LEIGHTON: Well, I think he's rational. Putin is rational within his own context. But you know, having said that, it's kind of like the rationality of a lot of other historical figures who have performed fairly well within the paradigm that they believe. But this paradigm that Putin is using is one that is based on faulty information, it's based in many ways on faulty logic, and a misinterpretation of history. And the fact that he is dealing with these things with an essence a

lens, that is not really giving him a real picture of what's going on, or even giving him the right philosophical paradigm to deal with the kinds of issues that he thinks he's facing, that results in some decisions that are very, very bad.

And when President typing said that he made a strategic mistake by entering Ukraine, I agree with that. I think that Putin really miscalculated and did not understand the type of resistance he would be getting. He believed a lot of his own press. He believed that the Russian military, I think, was stronger than it really is. And his plans are certainly coming to a dramatic end in the way that they were formulated at first, at least.

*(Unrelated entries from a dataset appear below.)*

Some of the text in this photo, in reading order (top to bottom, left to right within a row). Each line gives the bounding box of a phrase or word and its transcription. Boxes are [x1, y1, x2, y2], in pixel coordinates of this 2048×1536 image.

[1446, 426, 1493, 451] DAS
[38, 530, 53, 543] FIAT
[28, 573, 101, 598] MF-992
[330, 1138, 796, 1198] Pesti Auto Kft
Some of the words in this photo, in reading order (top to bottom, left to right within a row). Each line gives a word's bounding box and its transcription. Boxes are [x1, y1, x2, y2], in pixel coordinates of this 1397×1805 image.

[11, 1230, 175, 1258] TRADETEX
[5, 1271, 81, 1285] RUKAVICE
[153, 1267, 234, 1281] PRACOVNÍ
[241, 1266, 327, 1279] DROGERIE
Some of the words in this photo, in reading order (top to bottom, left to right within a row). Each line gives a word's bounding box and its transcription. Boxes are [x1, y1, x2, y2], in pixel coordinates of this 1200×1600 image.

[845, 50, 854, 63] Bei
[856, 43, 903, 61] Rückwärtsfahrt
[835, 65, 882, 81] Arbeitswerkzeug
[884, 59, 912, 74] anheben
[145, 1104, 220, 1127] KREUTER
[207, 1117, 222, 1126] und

SANCHEZ: Yes, hard to imagine that he expected what we just saw unfold after the invasion. Colonel, Cedric Leighton, always appreciate your time, Sir. Thanks.

LEIGHTON: You bet, Boris. Good to be with you.

WALKER: And still ahead, the midterms are just weeks away and both parties are keeping a close eye on Latino voters. Next, we're going to take a look at why some Hispanic communities in places like Texas could be a major test for Republicans.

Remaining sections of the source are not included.